■ DESCRIPTION OF THE TASK ■
Omit the pictures and return exactly the stretch of the material below from the line with "this 2048×1542 image." through the line with "this 1600×1066 image.".

■ PROVIDED RECORDS ■
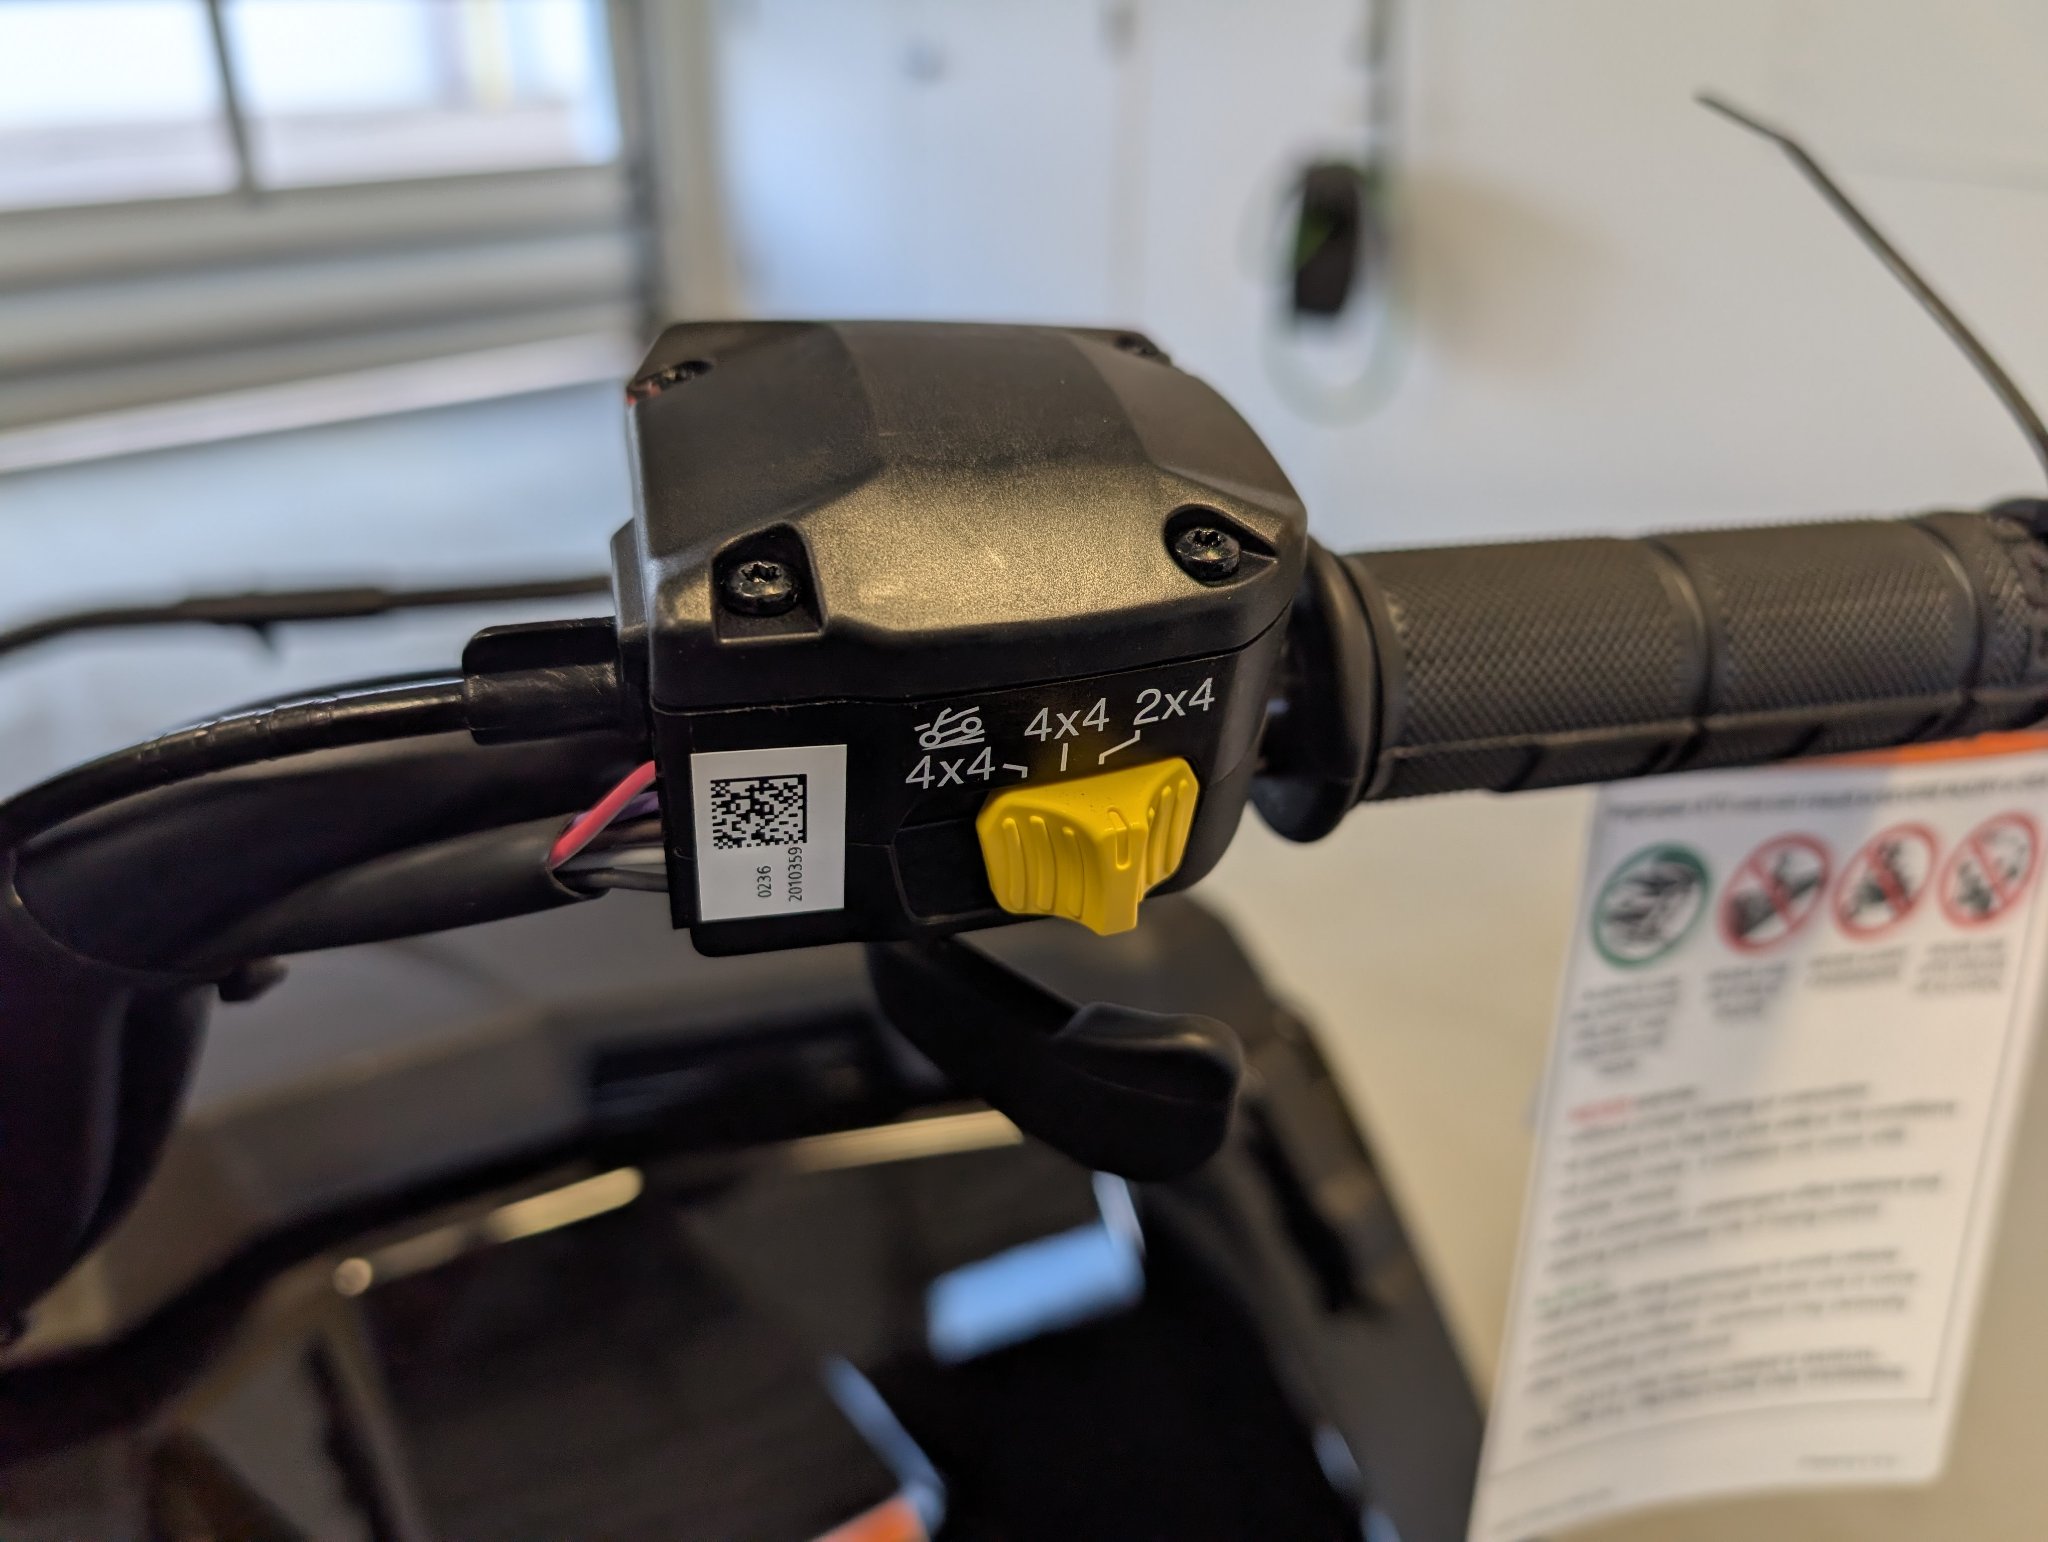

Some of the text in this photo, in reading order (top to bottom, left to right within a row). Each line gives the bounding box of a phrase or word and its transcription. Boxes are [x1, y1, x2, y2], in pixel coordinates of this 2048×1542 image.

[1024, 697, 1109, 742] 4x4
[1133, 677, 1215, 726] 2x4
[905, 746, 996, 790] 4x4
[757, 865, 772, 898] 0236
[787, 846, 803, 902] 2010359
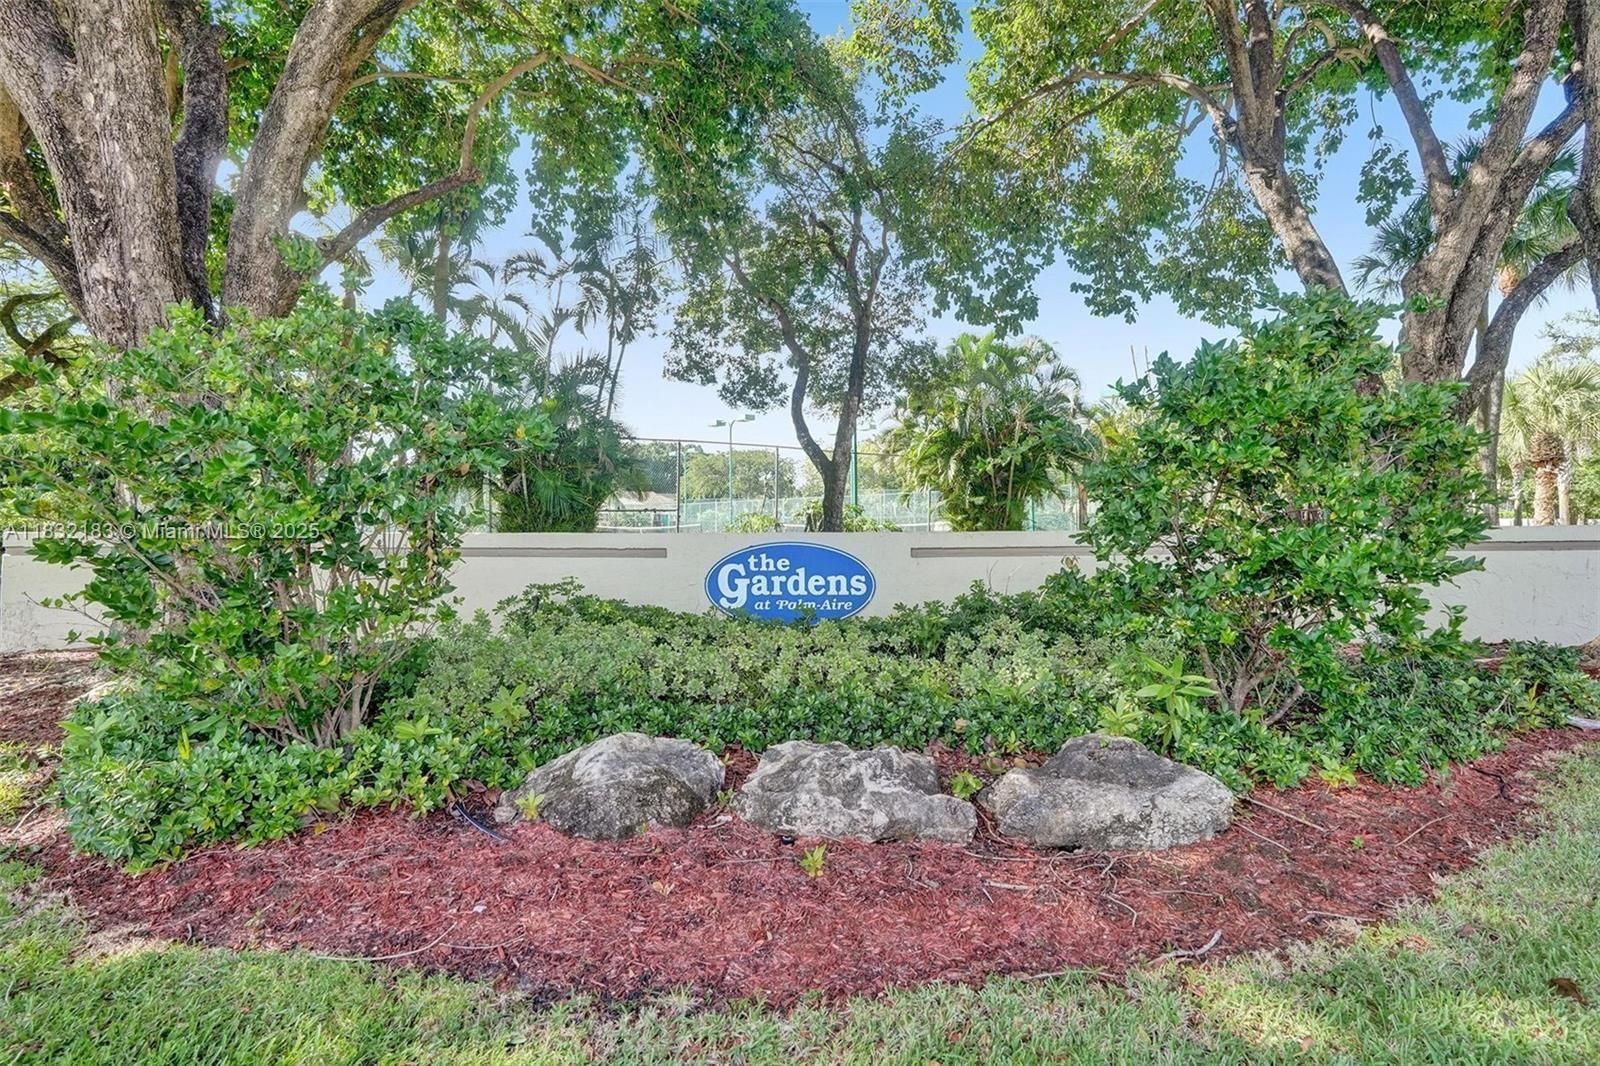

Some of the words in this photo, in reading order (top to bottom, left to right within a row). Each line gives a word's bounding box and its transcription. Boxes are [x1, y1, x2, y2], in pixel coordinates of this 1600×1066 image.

...

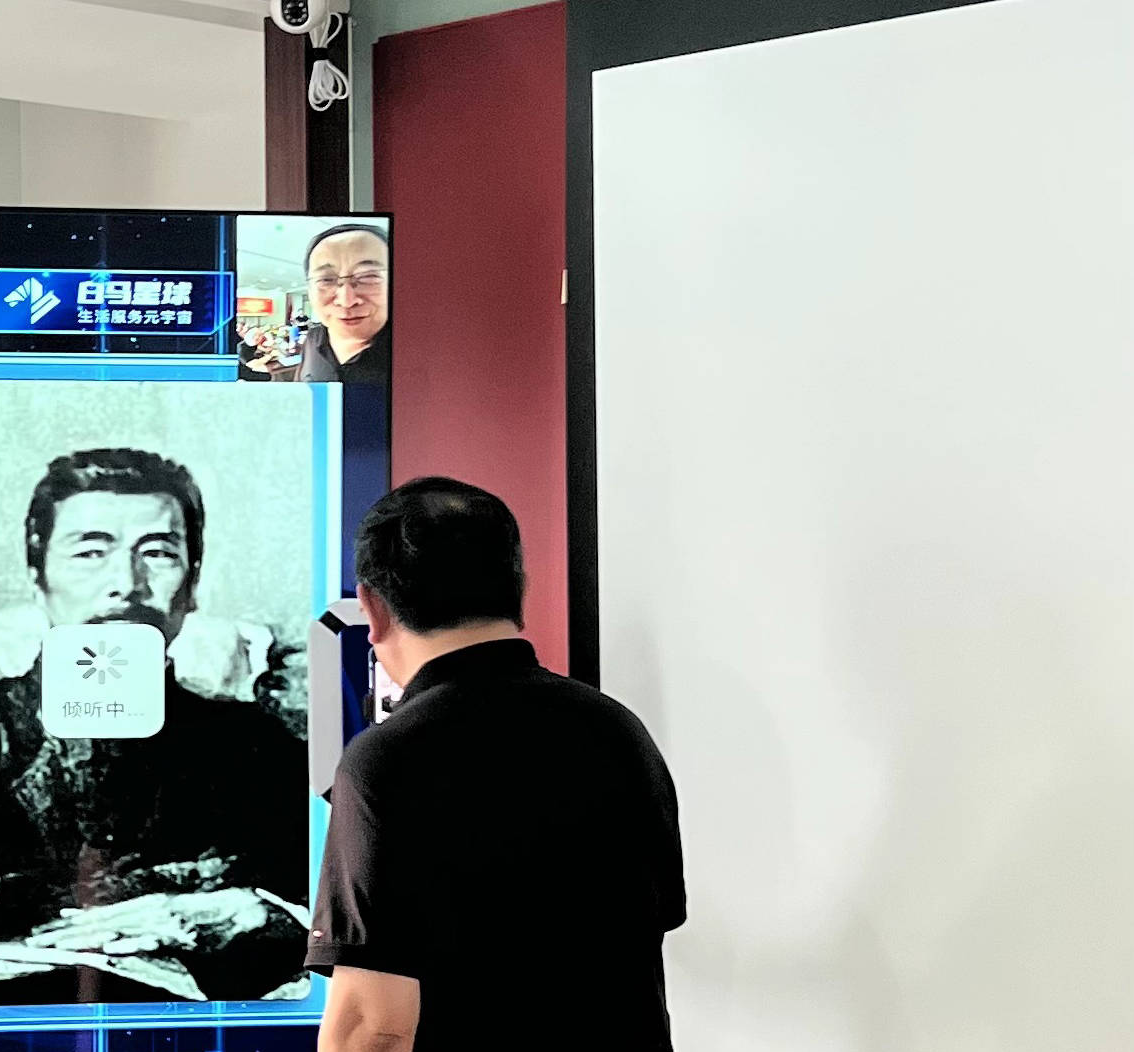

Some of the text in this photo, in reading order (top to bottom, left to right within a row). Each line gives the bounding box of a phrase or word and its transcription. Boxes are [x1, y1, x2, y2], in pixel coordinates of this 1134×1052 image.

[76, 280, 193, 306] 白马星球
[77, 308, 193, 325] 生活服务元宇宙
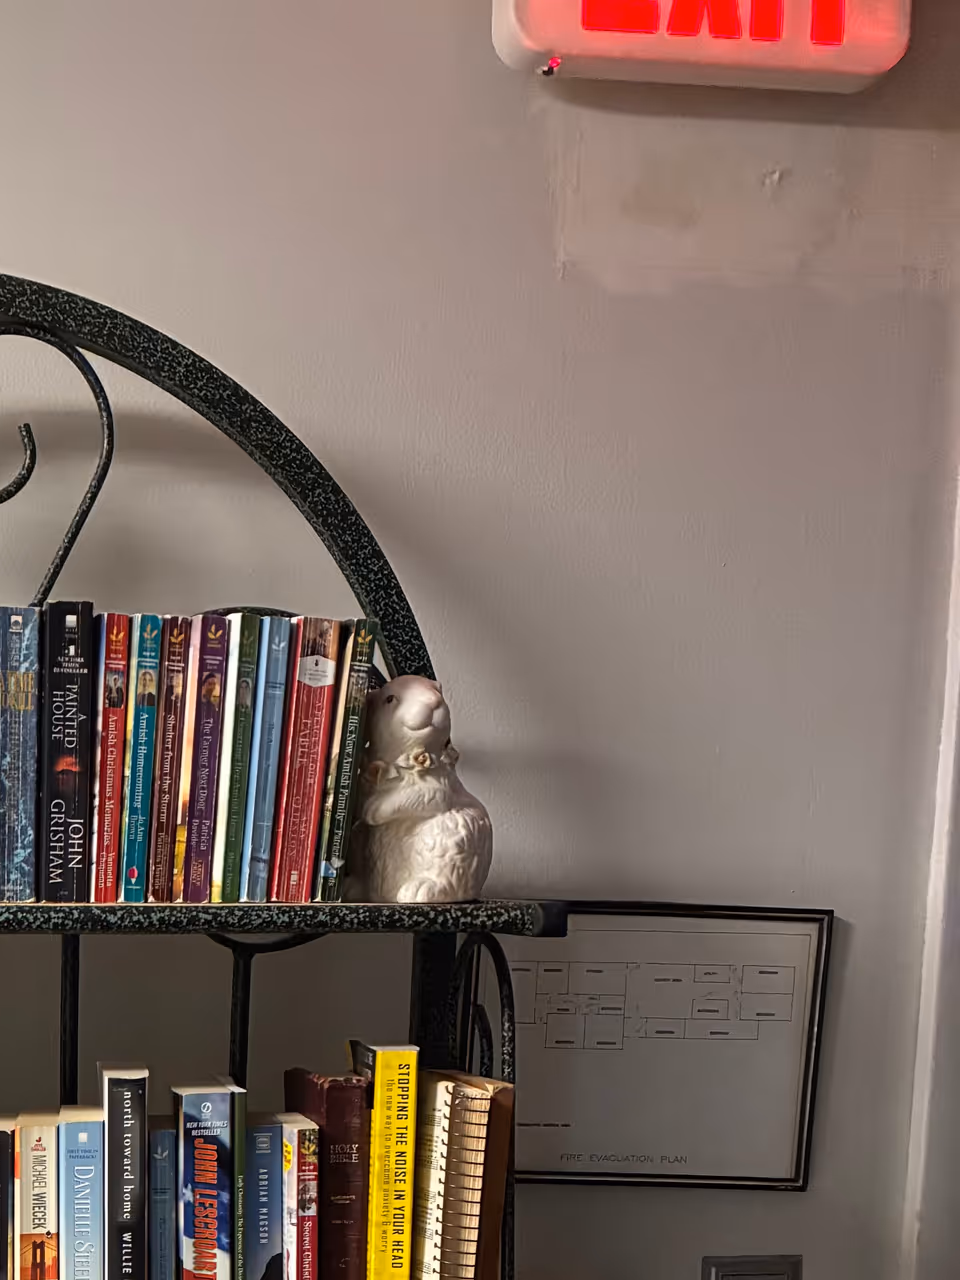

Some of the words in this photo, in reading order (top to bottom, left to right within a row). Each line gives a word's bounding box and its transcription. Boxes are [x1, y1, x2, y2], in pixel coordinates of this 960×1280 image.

■ THE COMPLETED TASK ■
Some of the text in this photo, in reading order (top to bottom, left to right within a row). Each line gives the bounding box of a phrase or word and its transcription. Boxes are [x1, y1, x2, y2], in pixel coordinates of this 2048×1542 image.

[1024, 697, 1109, 742] 4x4
[1133, 677, 1215, 726] 2x4
[905, 746, 996, 790] 4x4
[757, 865, 772, 898] 0236
[787, 846, 803, 902] 2010359

Some of the words in this photo, in reading order (top to bottom, left to right within a row). Each line gives a word's bounding box and its transcription. Boxes are [x1, y1, x2, y2], in pixel coordinates of this 1600×1066 image.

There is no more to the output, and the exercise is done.